Пилат мертвыми глазами поглядел на первосвященника и, оскалившись, изобразил улыбку.
– Что ты, первосвященник! Кто же может услышать нас сейчас здесь? Разве я похож на юного бродячего юродивого, которого сегодня казнят? Мальчик ли я, Каифа? Знаю, что говорю и где говорю. Оцеплен сад, оцеплен дворец, так что мышь не проникнет ни в какую щель! Да не только мышь, не проникнет даже этот, как его… из города Кириафа. Кстати, ты знаешь такого, первосвященник? Да… если бы такой проник сюда, он горько пожалел бы себя, в этом ты мне, конечно, поверишь? Так знай же, что не будет тебе, первосвященник, отныне покоя! Ни тебе, ни народу твоему, – и Пилат указал вдаль направо, туда, где в высоте пылал храм, – это я говорю тебе – Пилат Понтийский, всадник Золотое Копье!
– Знаю, знаю! – бесстрашно ответил чернобородый Каифа, и глаза его сверкнули. Он вознес руку к небу и продолжал: – Знает народ иудейский, что ты ненавидишь его лютою ненавистью и много мучений ты ему причинишь, но вовсе ты его не погубишь! Защитит его Бог! Услышит нас, услышит всемогущий кесарь, укроет нас от губителя Пилата!
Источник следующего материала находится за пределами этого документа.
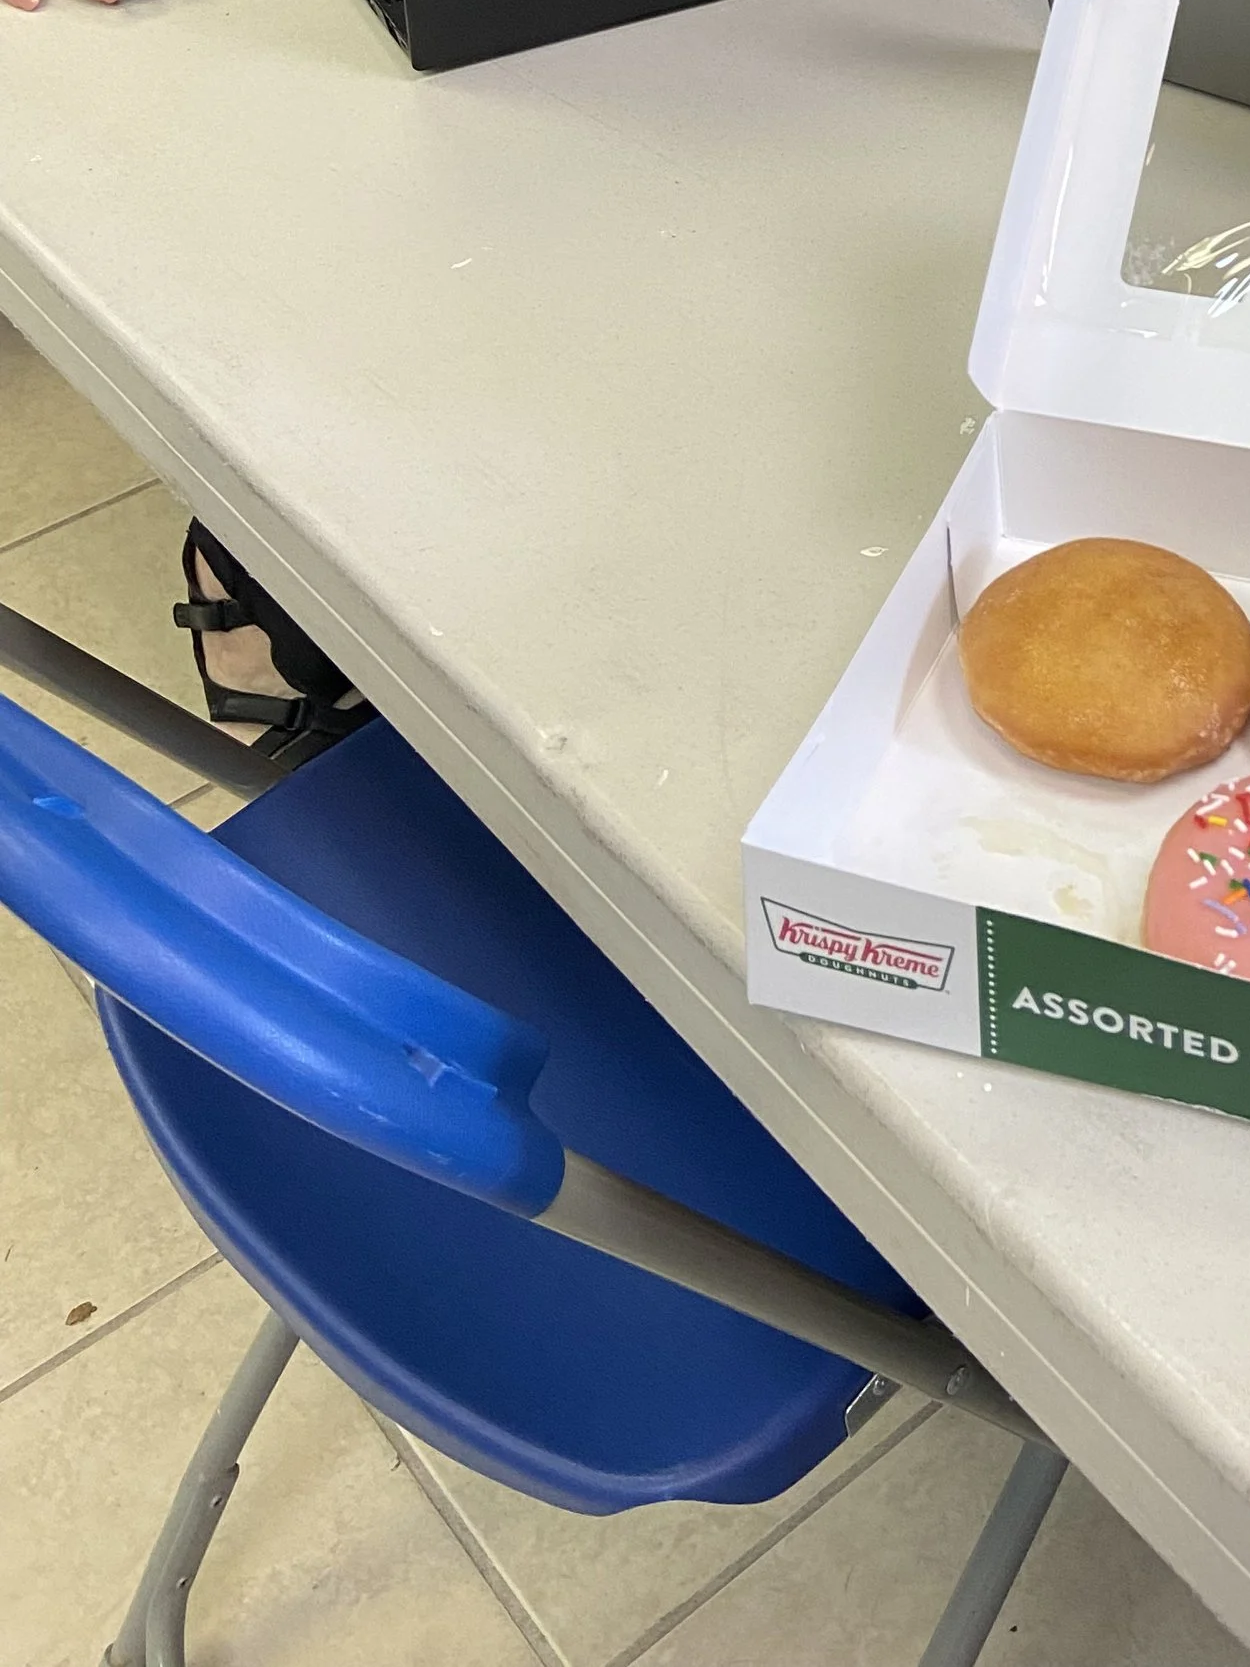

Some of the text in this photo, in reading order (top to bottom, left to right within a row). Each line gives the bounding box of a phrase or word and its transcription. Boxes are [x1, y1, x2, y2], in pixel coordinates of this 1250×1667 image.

[779, 916, 943, 979] Krispy Kreme
[808, 954, 910, 988] DOUGHNUTS
[1011, 984, 1240, 1065] ASSORTED
– О нет! – воскликнул Пилат, и с каждым словом ему становилось легче и легче: не нужно было больше притворяться, не нужно было подбирать слова. – Слишком много ты жаловался кесарю на меня, и настал теперь мой час, Каифа! Теперь полетит весть от меня, да не наместнику в Антиохию[68] и не в Рим, а прямо на Капрею, самому императору, весть о том, как вы заведомых мятежников в Ершалаиме прячете от смерти. И не водою из Соломонова пруда[69], как хотел я для вашей пользы, напою я тогда Ершалаим! Нет, не водою! Вспомни, как мне пришлось из-за вас снимать щиты с вензелями императора со стен, перемещать войска, пришлось, видишь, самому приехать, глядеть, что у вас тут творится! Вспомни мое слово: увидишь ты здесь, первосвященник, не одну когорту в Ершалаиме, нет! Придет под стены города полностью легион Фульмината, подойдет арабская конница, тогда услышишь ты горький плач и стенания! Вспомнишь ты тогда спасенного Вар-раввана и пожалеешь, что послал на смерть философа с его мирною проповедью!